Kurtzman susurró algo entre dientes mientras bufaba de dolor. El gobernador se acercó a él.

—¿Cómo dices?

—Lo... siento —sentenció el subordinado, más alto.

Bloodworth observó el dedo de Philip antes de levantar el abrecartas, dejando tras de sí un leve rasguño ensangrentado.

—Ya sé que lo sientes, Philip —dijo, levantándose—. Y, por tanto, tenemos que trabajar juntos para encontrar la solución a este problema.

Bloodworth se pasó la mano por la nuca y se crujió el cuello, más relajado. A continuación volvió a apoyarse en la enorme mesa y aguardó a que Philip se levantara y se recolocara el uniforme.

—Encontraremos al rebelde infiltrado —le aseguró, intentando disimular el temblor en sus labios.

—No me cabe la menor duda. Sin embargo, hay algo que me preocupa mucho más. Dime, ¿cómo encontrarías una aguja en un pajar?

—¿Con un... imán, señor?

—¡Exacto! Hace falta un imán para atraer a la aguja hacia nosotros y sacarla de entre toda la paja. Muy bien. El problema es que nos hace falta un imán...

El gobernador guardó silencio para reflexionar mientras se golpeaba el mentón con el dedo.

—¿A quién quiere encontrar, señor? ¿Al centinela rebelde?

—No, no... Tu centinela revolucionario no me preocupa. Quiero encontrar a otro rebelde que me ha parecido ver en la plaza. Un viejo conocido, por llamarlo de alguna manera, y me juego el cuello a que está con los rebeldes.

—Señor, todos los rebeldes humanos fueron ejecutados o huyeron de la Ciudadela hace años.

—O eso pensamos.
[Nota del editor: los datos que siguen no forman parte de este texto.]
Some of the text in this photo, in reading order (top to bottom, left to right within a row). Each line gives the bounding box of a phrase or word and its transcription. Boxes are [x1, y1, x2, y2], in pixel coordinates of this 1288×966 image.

De todos modos, esto no tiene que ver con los Hijos del Ocaso. Esto va más allá de lo que hemos visto hasta ahora. Y sé cómo hacer para atraerle. Una Rifa. Le haremos ganar.

—¿Una...? Pero, señor, Richard, ahora mismo deberíamos fijar nuestros esfuerzos en otras cosas. Organizar una Rifa a estas alturas nos hará perder un tiempo del que no disponemos.
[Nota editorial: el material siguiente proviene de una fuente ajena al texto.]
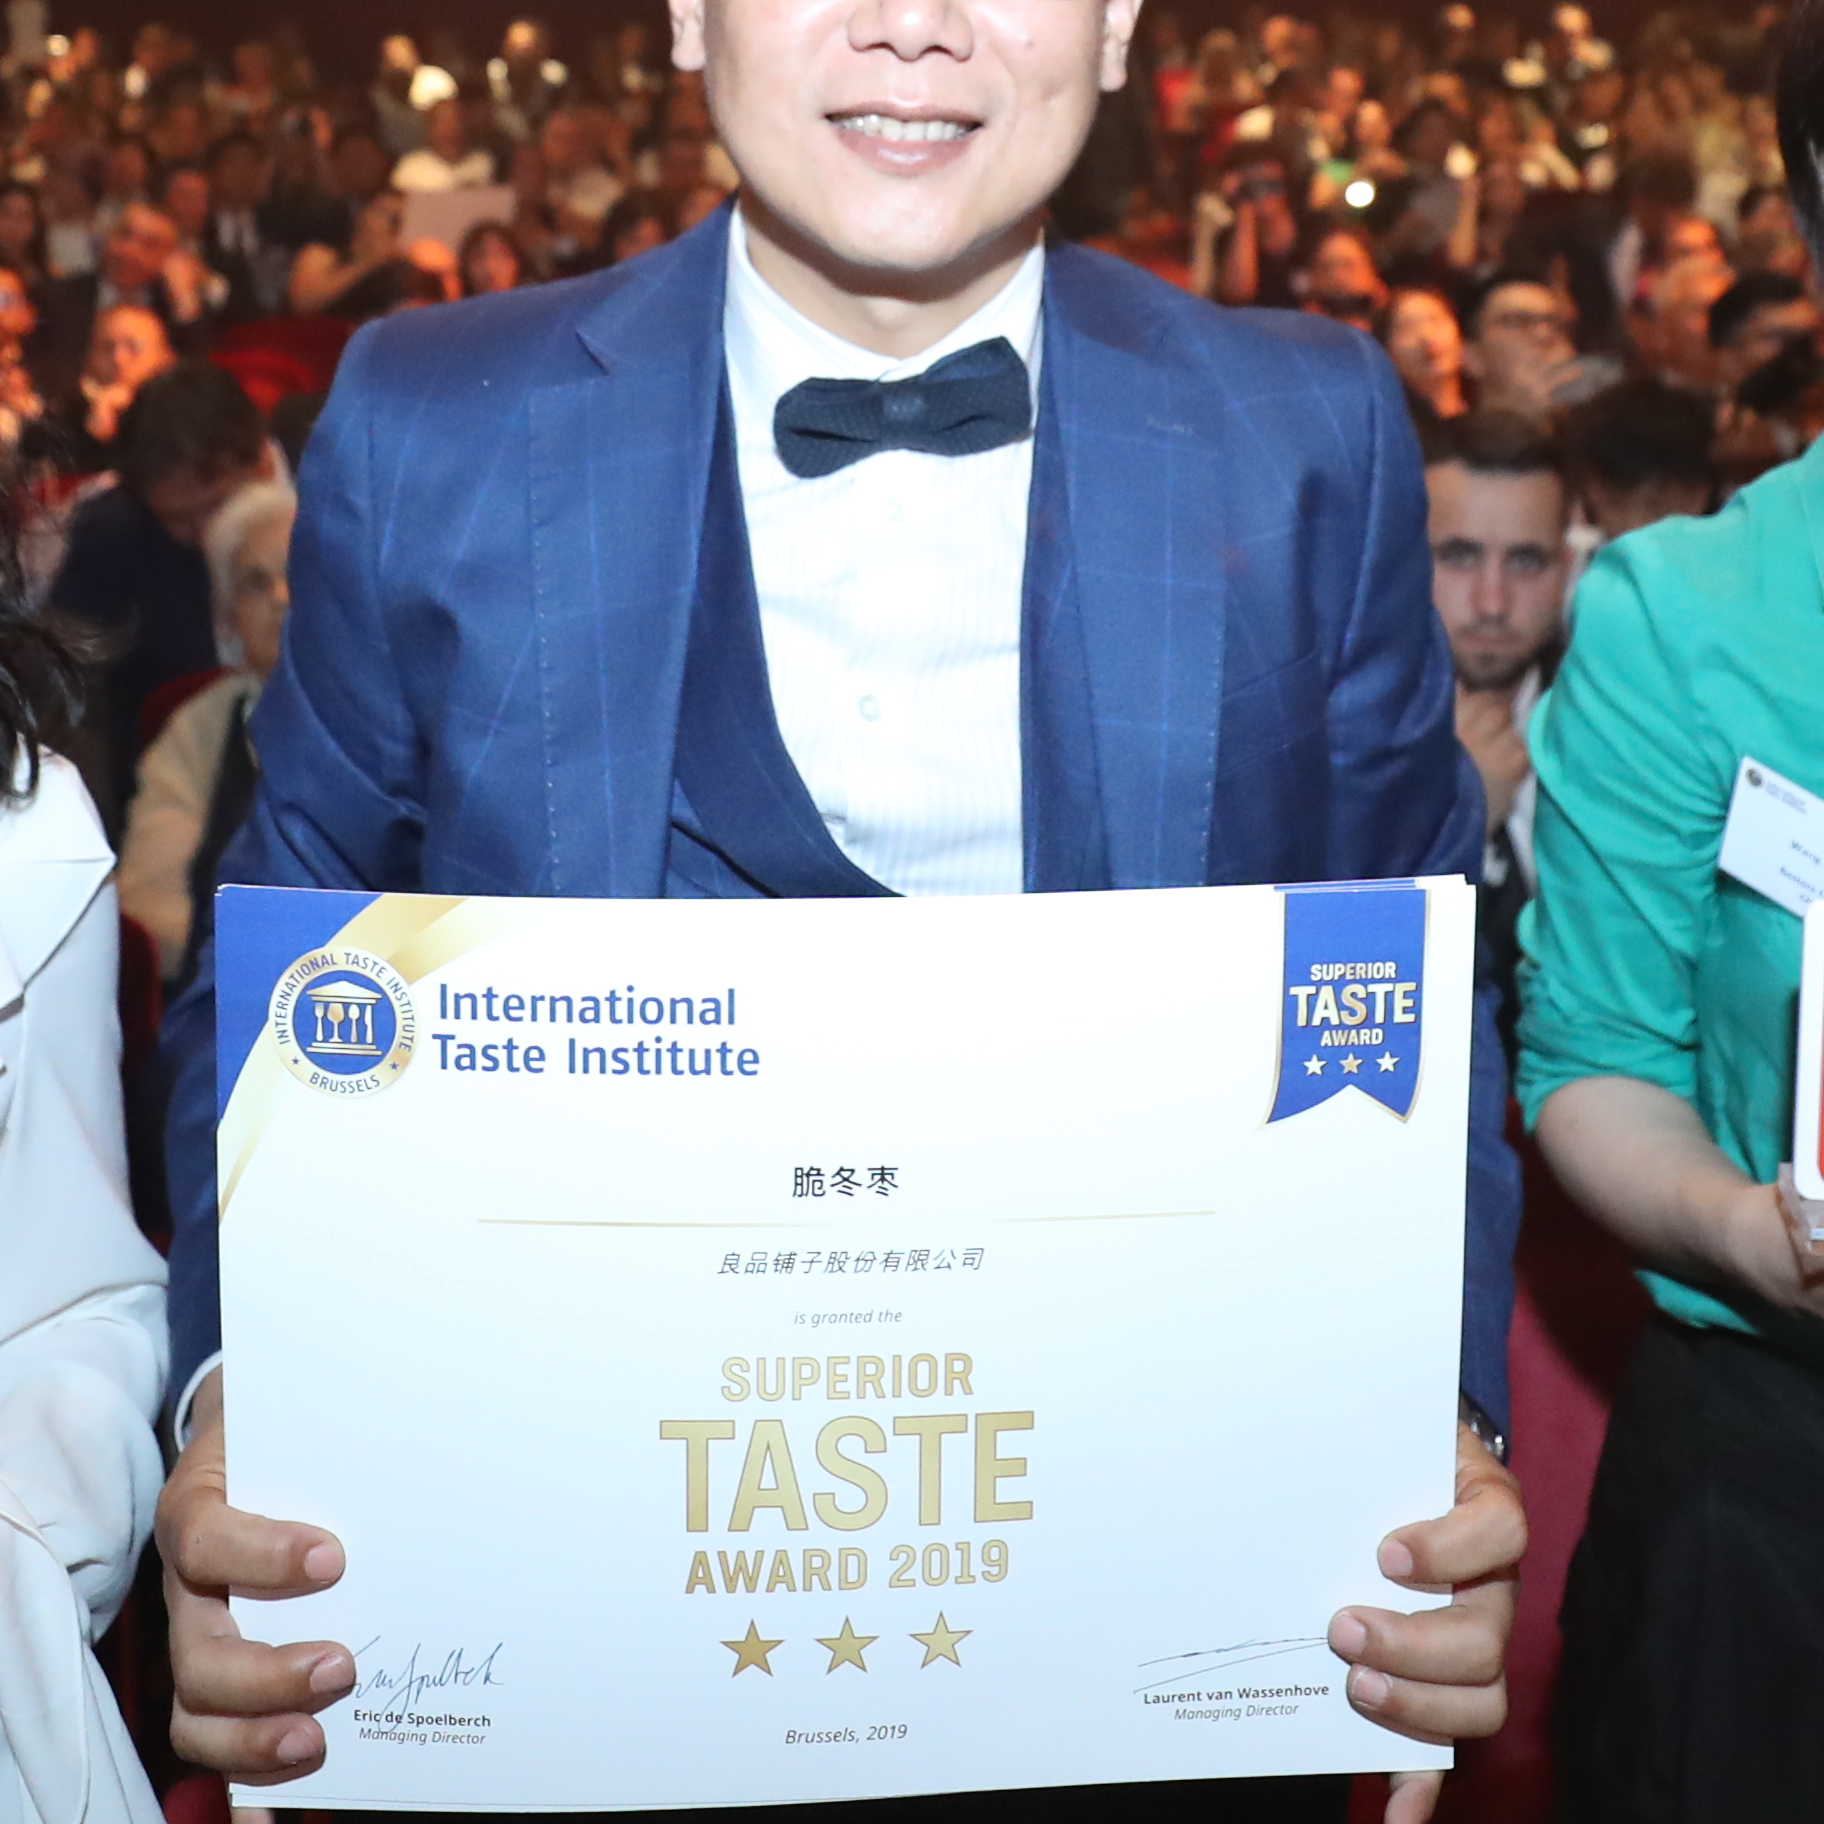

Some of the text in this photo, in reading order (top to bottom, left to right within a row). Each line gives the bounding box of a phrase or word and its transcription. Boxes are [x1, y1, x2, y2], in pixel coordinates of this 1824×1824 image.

[1310, 962, 1396, 981] SUPERIOR
[275, 952, 415, 1052] INTERNATIONAL TASTE INSTITUTE
[440, 983, 736, 1026] International
[1289, 982, 1417, 1027] TASTE
[1321, 1028, 1384, 1046] AWARD
[431, 1034, 760, 1076] Taste Institute
[310, 1072, 380, 1093] BRUSSELS
[792, 1165, 899, 1198] 脆冬枣
[717, 1246, 985, 1276] 良品铺子股份有限公司
[794, 1307, 903, 1328] is granted the
[720, 1352, 974, 1402] SUPERIOR
[659, 1410, 1035, 1532] TASTE
[685, 1539, 1009, 1594] AWARD 2019
[1144, 1684, 1329, 1704] Laurent van Wassenhove
[354, 1710, 491, 1727] Eric de Spoelberch
[1174, 1703, 1299, 1721] Managing Director
[359, 1728, 486, 1745] Managing Director
[784, 1724, 908, 1745] Brussels, 2019
—Pues encuentra el modo —le amenazó el hombre, de nuevo serio.

A continuación, caminó hasta el ventanal sobre la Ciudadela y dijo:

—Tengo que bajar al complejo —susurró.

—¿Tan grave es?

—Debo asegurarme de que lo que he visto es real. Solo hay una persona que puede confirmármelo y no está aquí.

—Richard, sabe que puede confiar en mí.

—Tú limítate a encontrar al centinela rebelde y diles a tus hombres que preparen los dispositivos para la Rifa —le espetó el hombre—. Quiero que entrevistes a todos y cada uno de los soldados que estuvieron en contacto con el prisionero. Y quiero que les sometas a las pruebas de la verdad.

—¡Pero algunos de ellos son humanos! ¡Son de los nuestros!

—Me es indiferente. En tu cuerpo de centinelas hay una brecha que nos ha dejado en ridículo hoy. Los rebeldes nos han declarado la guerra y no vamos a dejar que se salgan con la suya, no ahora que estamos tan cerca de restaurar de nuevo el orden. Así que haz lo que sea necesario para encontrarle y aplícale el castigo que se merece. ¿Cuántos centinelas estuvieron en contacto con Logan?

—Cinco.

—Déjame tu llave.

Philip le tendió su tarjeta electrónica a Bloodworth y este la pasó por una ranura del ordenador antes de comenzar a teclear hasta dar con lo que buscaba.

—Aquí está.

Sobre la pantalla habían aparecido cinco perfiles con cinco fichas de centinelas.

—¿Quiénes son los humanos y quiénes son clones? —preguntó el gobernador.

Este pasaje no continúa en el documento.